(Saved entries)
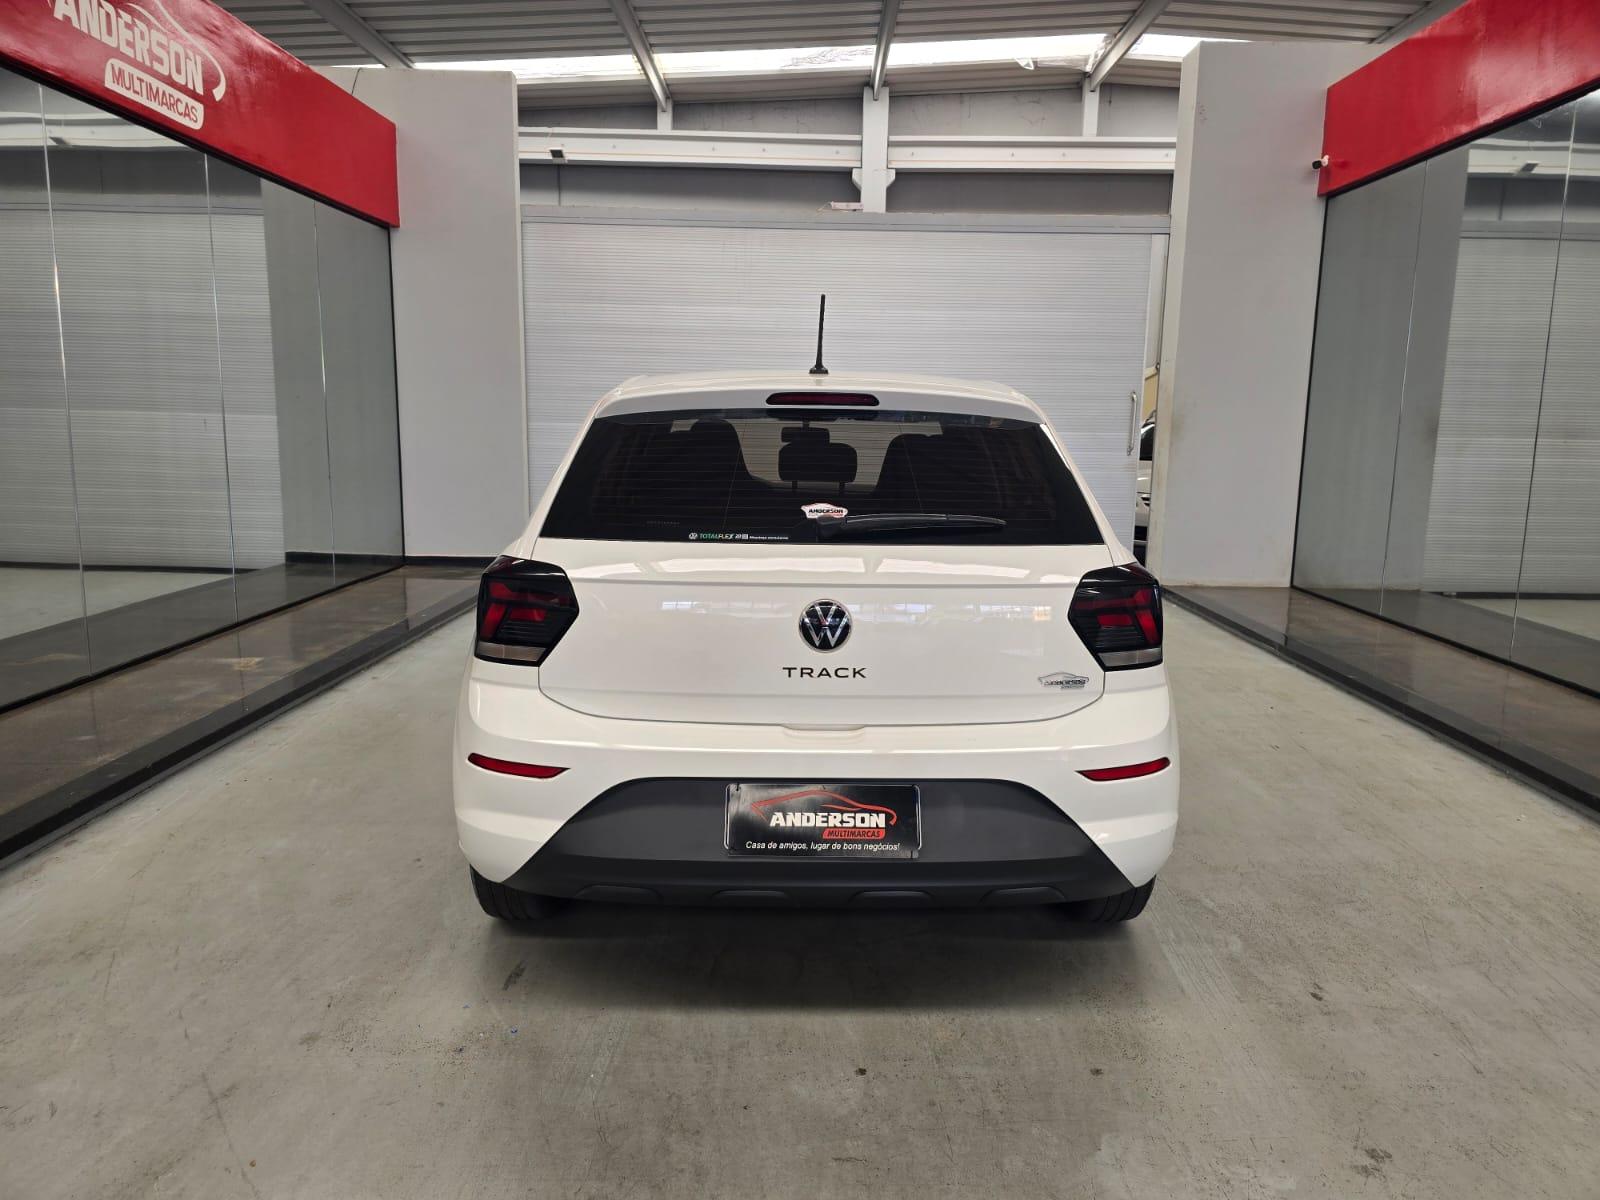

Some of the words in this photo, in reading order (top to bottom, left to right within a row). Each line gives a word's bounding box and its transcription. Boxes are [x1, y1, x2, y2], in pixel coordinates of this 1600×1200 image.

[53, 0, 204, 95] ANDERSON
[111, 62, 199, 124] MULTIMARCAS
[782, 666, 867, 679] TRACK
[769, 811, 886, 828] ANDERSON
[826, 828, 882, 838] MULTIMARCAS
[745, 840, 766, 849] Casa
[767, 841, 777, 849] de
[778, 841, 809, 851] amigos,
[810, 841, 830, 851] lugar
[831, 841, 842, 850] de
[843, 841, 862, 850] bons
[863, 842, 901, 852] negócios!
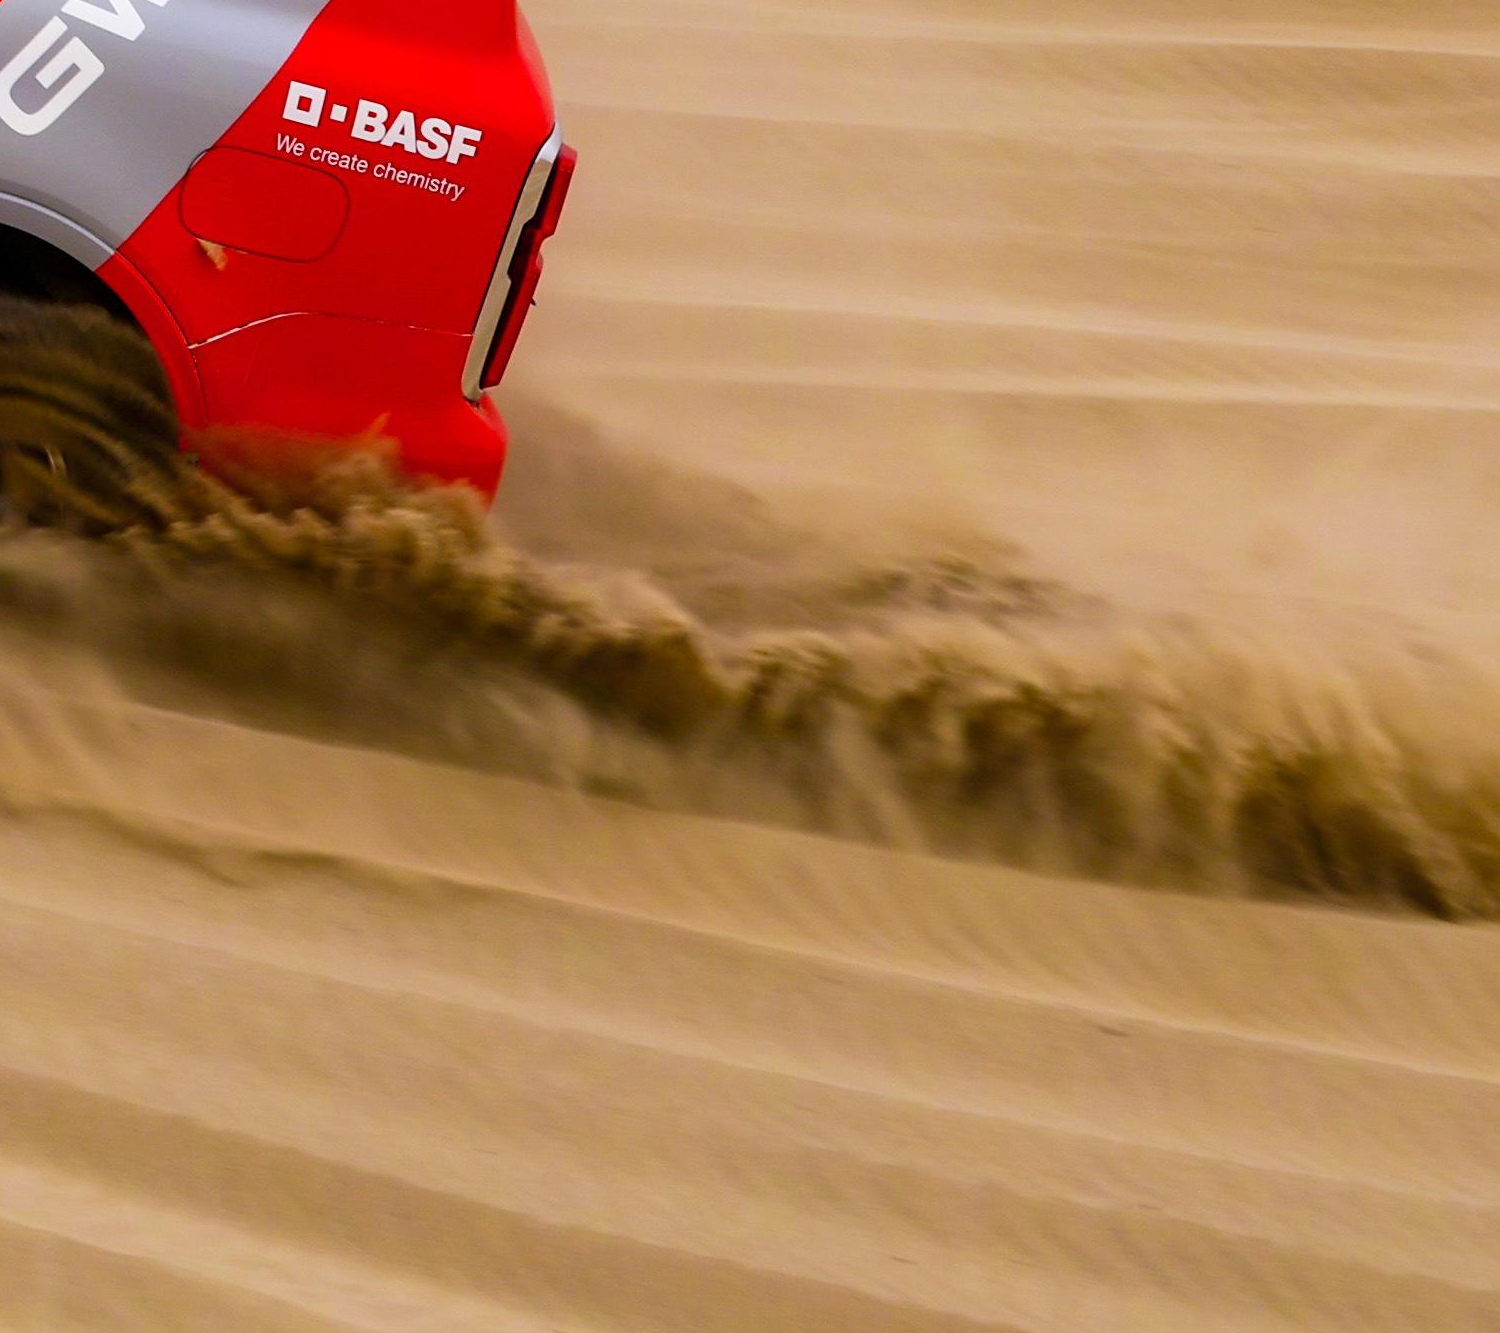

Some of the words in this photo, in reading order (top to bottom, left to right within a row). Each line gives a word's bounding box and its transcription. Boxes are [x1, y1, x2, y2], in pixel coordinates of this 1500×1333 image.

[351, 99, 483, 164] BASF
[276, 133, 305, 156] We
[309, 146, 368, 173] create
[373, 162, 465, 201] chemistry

EXERCISE PROMPT: Return the line that contains "this 1500×1333 image.", along with every line after it in the data above, exactly and with nothing else.

PROBLEM SOLUTION:
Some of the words in this photo, in reading order (top to bottom, left to right within a row). Each line gives a word's bounding box and its transcription. Boxes are [x1, y1, x2, y2], in pixel coordinates of this 1500×1333 image.

[351, 99, 483, 164] BASF
[276, 133, 305, 156] We
[309, 146, 368, 173] create
[373, 162, 465, 201] chemistry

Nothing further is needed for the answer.